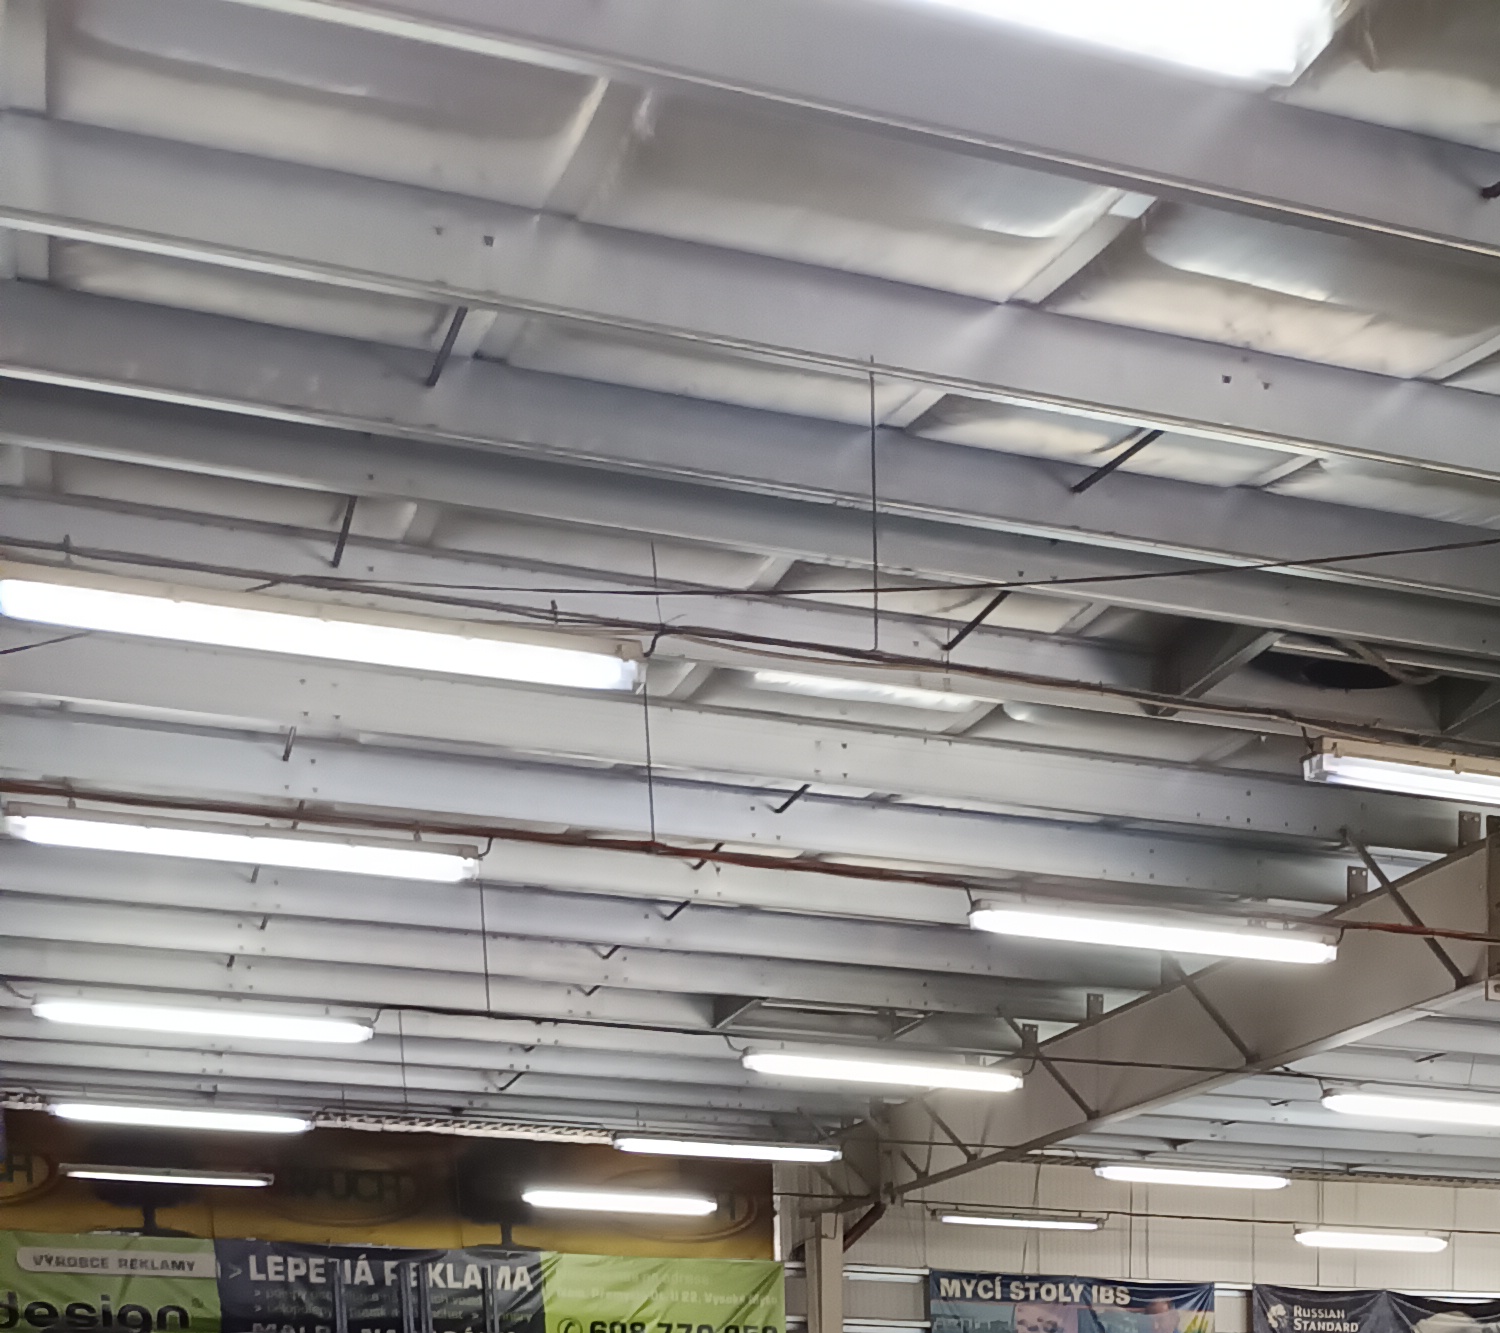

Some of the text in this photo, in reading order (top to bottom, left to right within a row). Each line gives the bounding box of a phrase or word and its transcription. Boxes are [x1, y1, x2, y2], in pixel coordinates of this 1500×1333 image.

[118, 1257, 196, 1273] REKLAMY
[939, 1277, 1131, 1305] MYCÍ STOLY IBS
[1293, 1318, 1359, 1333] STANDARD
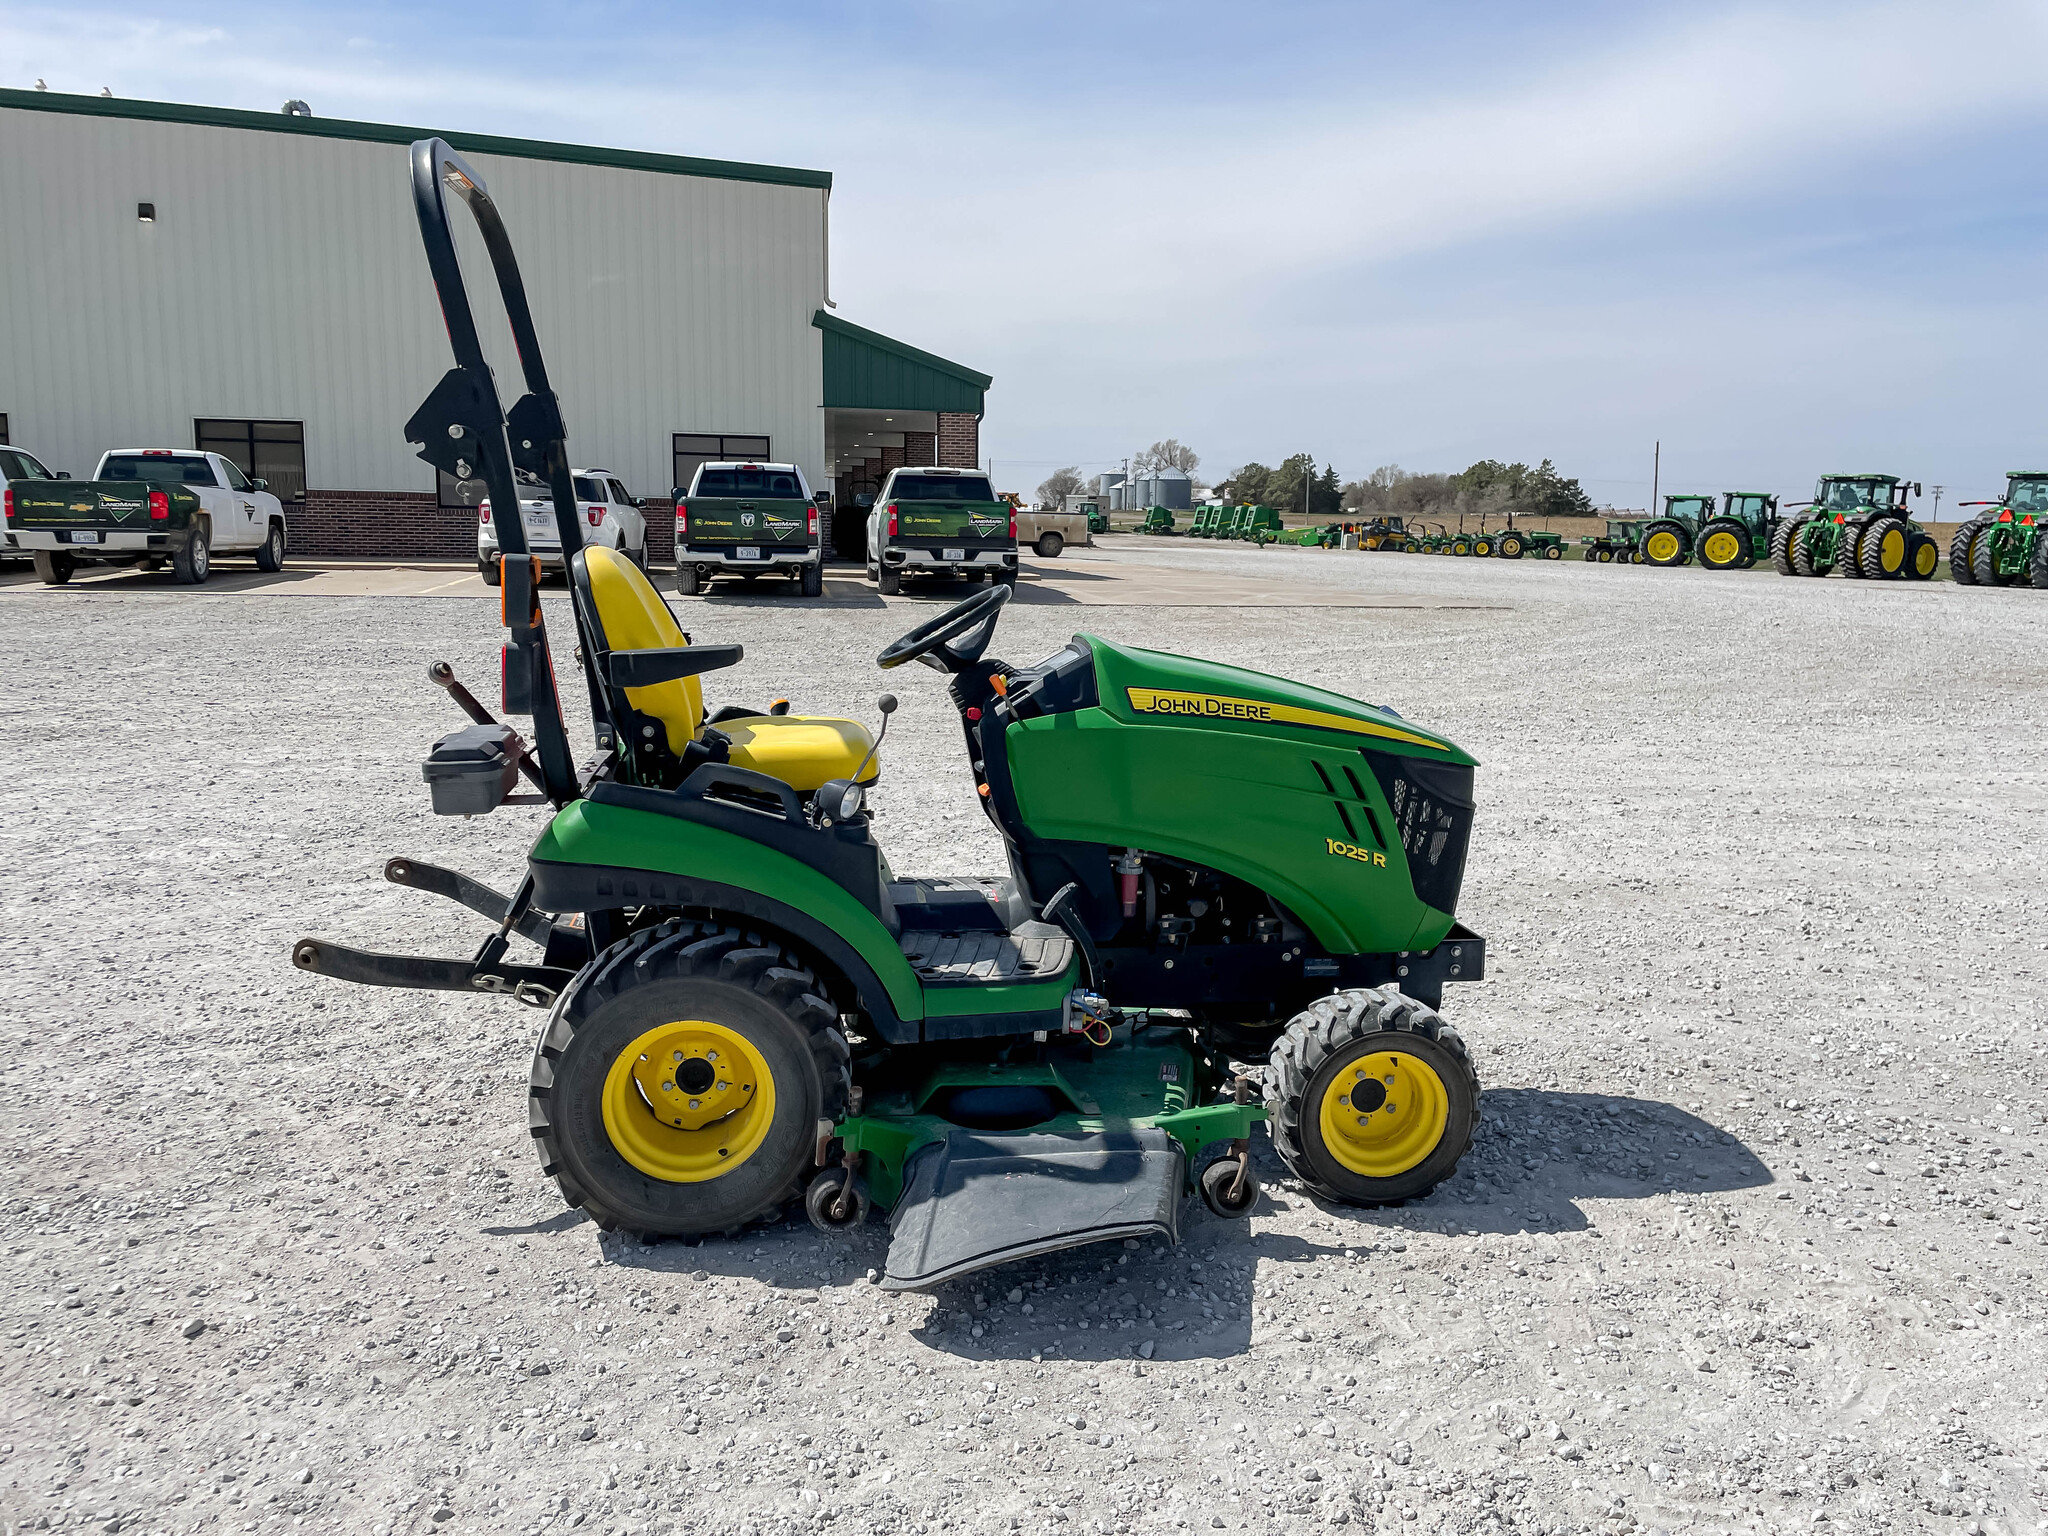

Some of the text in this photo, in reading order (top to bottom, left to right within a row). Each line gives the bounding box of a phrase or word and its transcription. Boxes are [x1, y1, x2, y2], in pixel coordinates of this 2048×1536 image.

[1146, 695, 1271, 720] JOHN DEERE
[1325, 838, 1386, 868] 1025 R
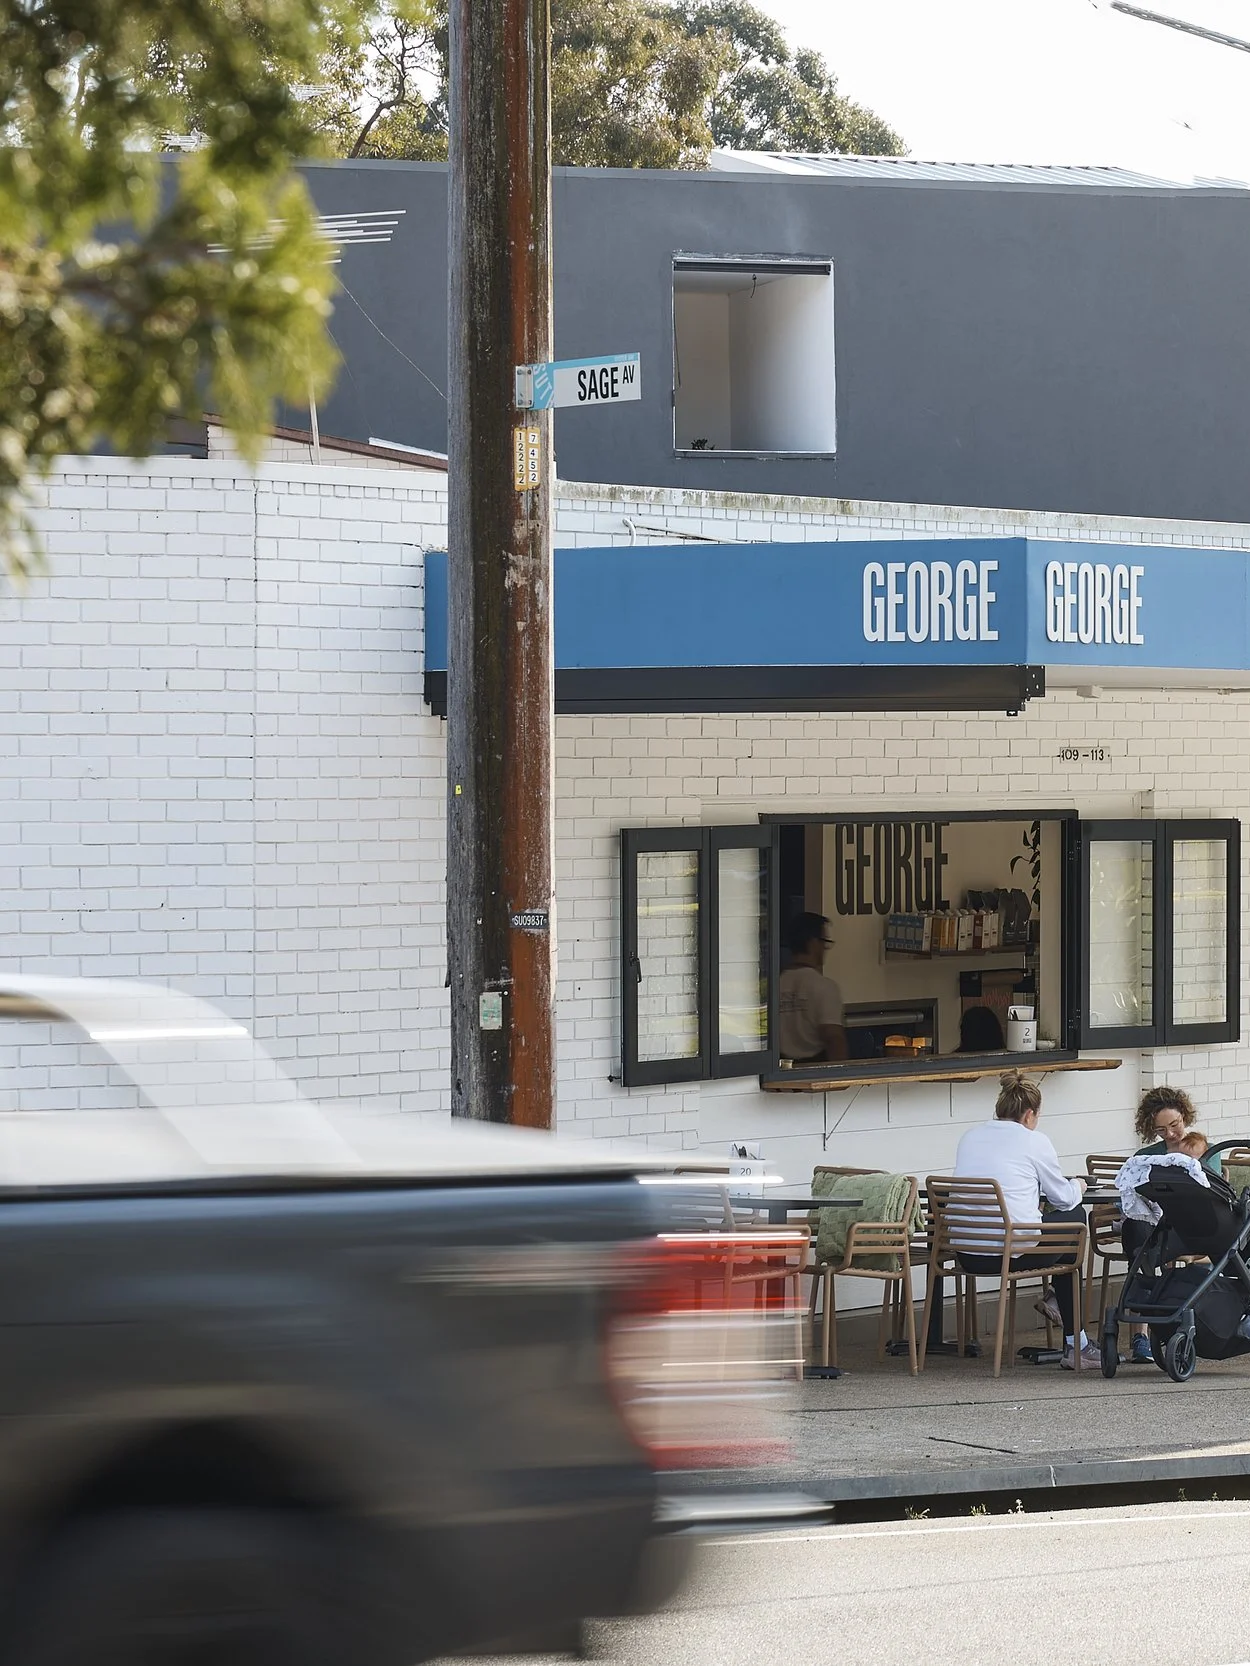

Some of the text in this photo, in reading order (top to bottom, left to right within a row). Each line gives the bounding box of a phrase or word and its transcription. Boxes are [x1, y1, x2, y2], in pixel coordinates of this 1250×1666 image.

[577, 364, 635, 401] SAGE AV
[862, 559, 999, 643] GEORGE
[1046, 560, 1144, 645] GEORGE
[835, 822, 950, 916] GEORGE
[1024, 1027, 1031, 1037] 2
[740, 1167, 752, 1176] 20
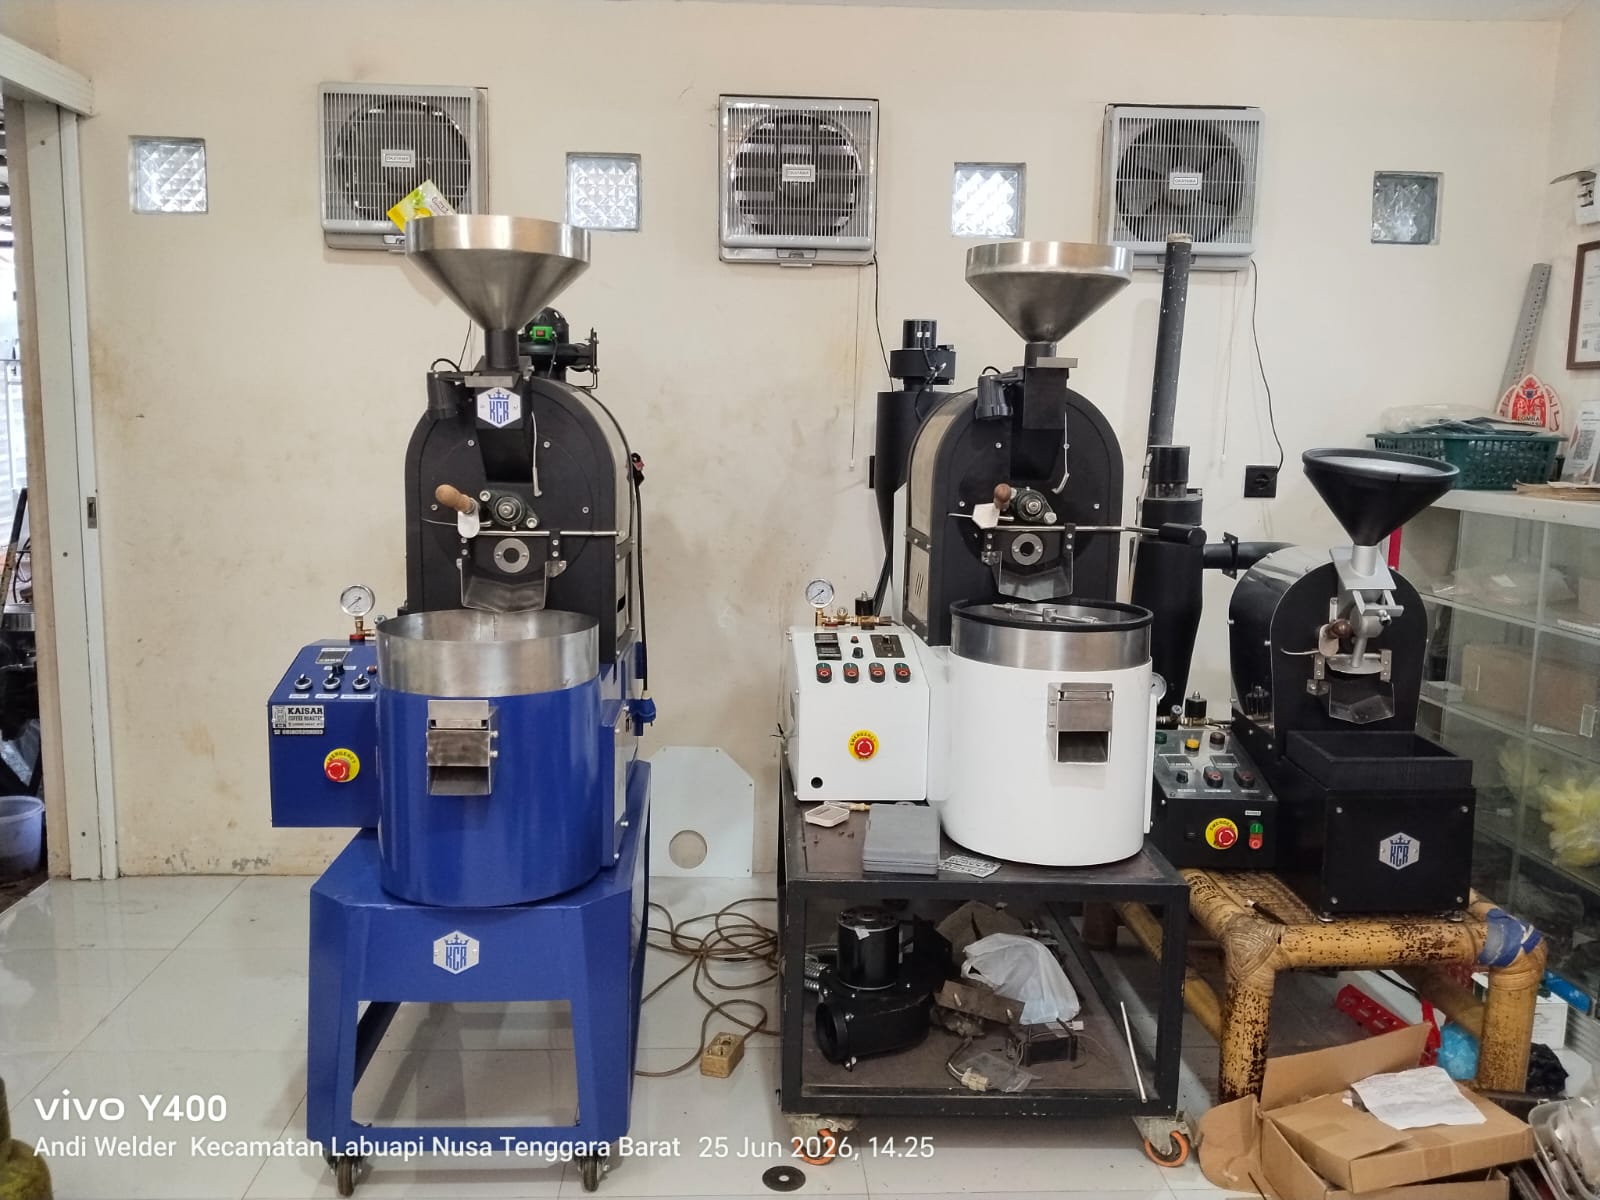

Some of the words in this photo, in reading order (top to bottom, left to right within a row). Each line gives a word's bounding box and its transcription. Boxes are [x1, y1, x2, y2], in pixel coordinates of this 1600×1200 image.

+-------+

Instructions to follow: Repeat every record precisely. Any picture among them stays out of the copy.

Answer area:
Some of the text in this photo, in reading order (top to bottom, left to right within a row). Each line gives the bounding box of a phrase or word and its transcription. Boxes are [x1, y1, x2, y2], in pixel coordinates of this 1500×1333 image.

[118, 1257, 196, 1273] REKLAMY
[939, 1277, 1131, 1305] MYCÍ STOLY IBS
[1293, 1318, 1359, 1333] STANDARD

Some of the text in this photo, in reading order (top to bottom, left to right within a row). Each line gives the bounding box of a phrase or word and its transcription. Boxes are [x1, y1, x2, y2], in pixel coordinates of this 2048×1536 image.

[1146, 695, 1271, 720] JOHN DEERE
[1325, 838, 1386, 868] 1025 R

Some of the text in this photo, in reading order (top to bottom, left to right within a row). Each line gives the bounding box of a phrase or word and its transcription. Boxes are [x1, y1, x2, y2], in pixel coordinates of this 1250×1666 image.

[577, 364, 635, 401] SAGE AV
[862, 559, 999, 643] GEORGE
[1046, 560, 1144, 645] GEORGE
[835, 822, 950, 916] GEORGE
[1024, 1027, 1031, 1037] 2
[740, 1167, 752, 1176] 20

Some of the words in this photo, in reading order (top to bottom, left to right within a row). Each line gives a word's bounding box and its transcription. Boxes are [x1, y1, x2, y2], in pixel coordinates of this 1600×1200 image.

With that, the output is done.